Paying off your mortgage is getting more expensive, with Westpac becoming the latest of 17 banks to hike their fixed rates this year.

Westpac, including subsidiaries St George, Bank of Melbourne and BankSA, raised interest rates for owner-occupiers and investors by up to 0.2 percentage points on Friday.

The changes will add hundreds of dollars ever year to the average borrower’s repayments – and RateCity research director Sally Tindall said Westpac won’t be the last of the big four banks to hike rates in 2022.

“We expect other banks to follow within days on the back of sharp increases to the cost of wholesale funding,” Ms Tindall said.

“Mortgage holders who were fortunate enough to lock in a record-low fixed rate over the last couple of years are immune to these hikes, but only for the duration of their fixed-rate term.

“Anyone who fixed at the start of the pandemic for two years should start thinking about what their next step might be. When they come off their fixed rate, they’ll be looking at a very different market.”
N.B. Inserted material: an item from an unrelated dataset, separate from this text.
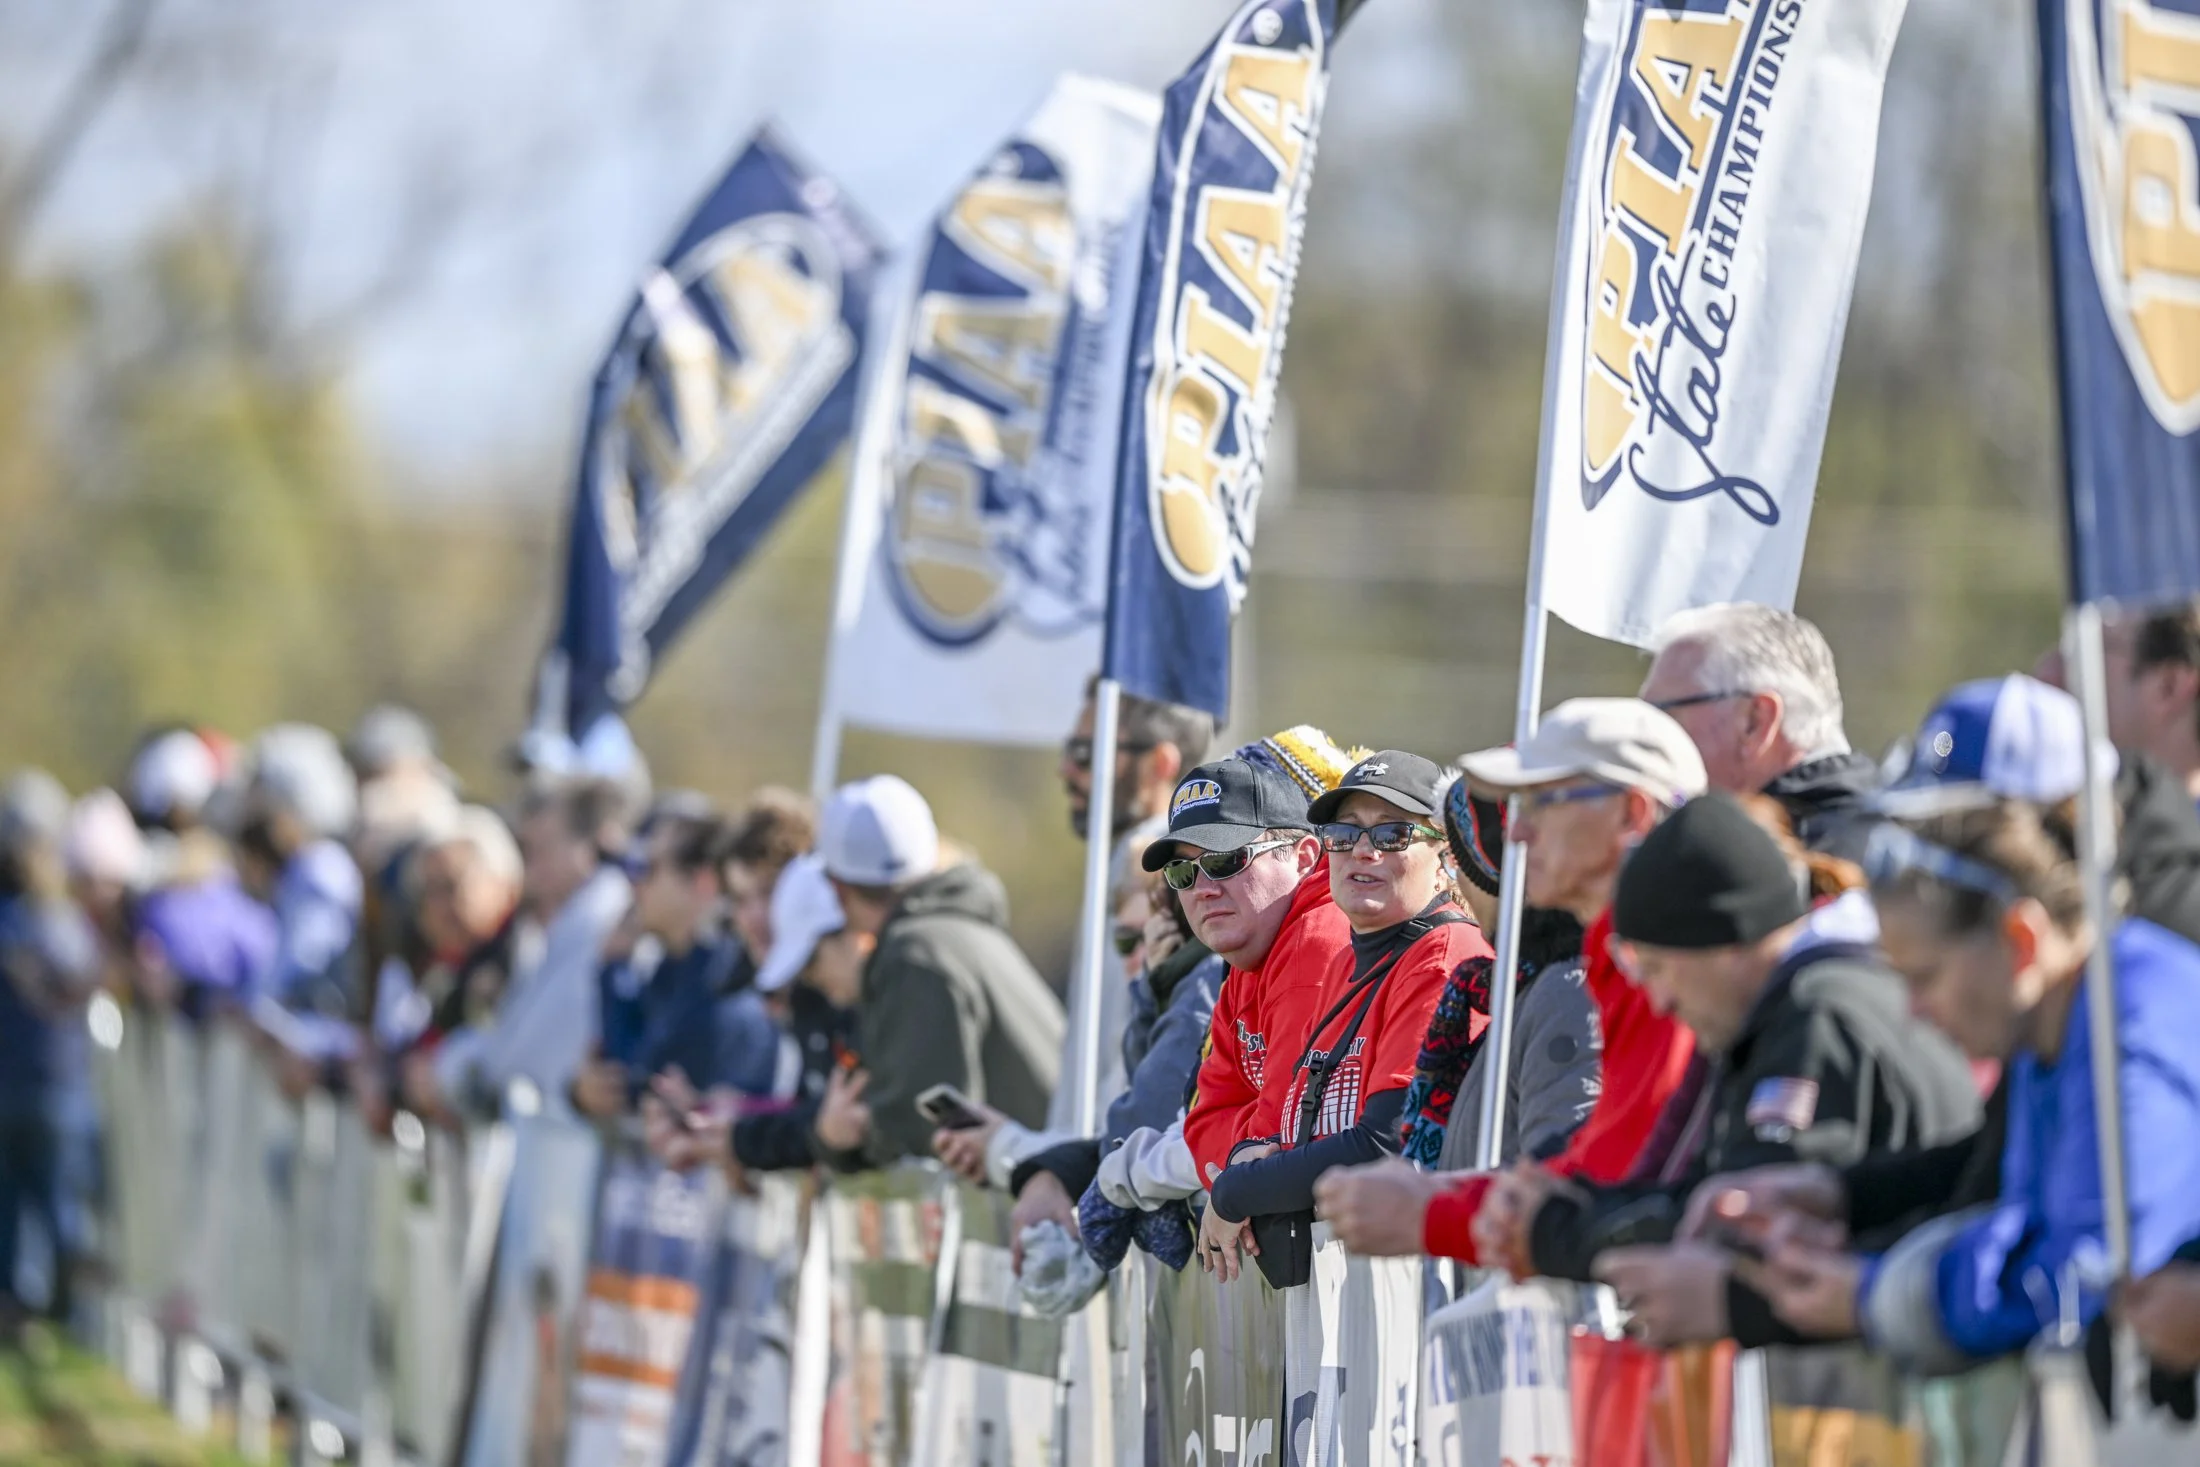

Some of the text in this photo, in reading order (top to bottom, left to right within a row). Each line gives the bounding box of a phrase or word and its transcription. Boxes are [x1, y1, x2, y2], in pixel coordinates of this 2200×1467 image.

[1158, 44, 1316, 500] PIAA
[1588, 0, 1752, 408] PIA
[1628, 0, 1807, 527] State CHAMPIONS
[1174, 782, 1216, 807] PIAA
Ms Tindall said it made sense to prepare for future interest hikes by getting ahead of repayments now.

“The lower your loan size when rates do rise, the less pain you’ll feel,” she said.
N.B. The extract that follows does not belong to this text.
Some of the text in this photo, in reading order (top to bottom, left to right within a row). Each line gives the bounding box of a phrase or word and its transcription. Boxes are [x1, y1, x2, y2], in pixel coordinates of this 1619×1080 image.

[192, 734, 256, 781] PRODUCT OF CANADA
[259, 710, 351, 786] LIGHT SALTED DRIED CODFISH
Although Australians can expect further rate hikes this year, economists are divided on the reasons why.

Why are banks hiking rates?

Independent economist Saul Eslake said banks were hiking fixed-mortgage rates because the bond yields associated with their funding costs are rising.
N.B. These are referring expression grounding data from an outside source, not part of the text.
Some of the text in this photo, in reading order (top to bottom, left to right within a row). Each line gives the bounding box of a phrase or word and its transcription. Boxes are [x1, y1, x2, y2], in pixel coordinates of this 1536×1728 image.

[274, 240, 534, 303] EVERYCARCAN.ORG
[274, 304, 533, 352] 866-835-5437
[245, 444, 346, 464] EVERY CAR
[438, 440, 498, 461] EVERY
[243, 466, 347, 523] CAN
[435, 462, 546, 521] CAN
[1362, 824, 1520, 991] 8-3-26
These yields are rising largely in response to expectations that the US Federal Reserve will lift interest rates after the country’s inflation reached a 40-year high in December.

Mr Eslake said economists, banks, and investors in Australia also think the Reserve Bank of Australia (RBA) will be influenced by the US Federal Reserve and hike interest rates as well – which would lead to higher variable rates.

Although Mr Eslake believes the RBA will chart its own course, he said it’s understandable that banks are passing on increases in fixed-term funding costs to customers in the same way that petrol stations pass on higher crude oil prices to motorists.

But he said whether the banks should pass on the costs to borrowers was a “commercial decision” for the banks’ management – one that would need to weigh up the competing interests of its customers, its stakeholders, and the effects on public opinion.

Commonwealth Bank head of fixed income and foreign exchange strategy Martin Whetton said banks were also hiking rates because the RBA ended a pandemic funding facility in 2021 that gave them access to cheap money.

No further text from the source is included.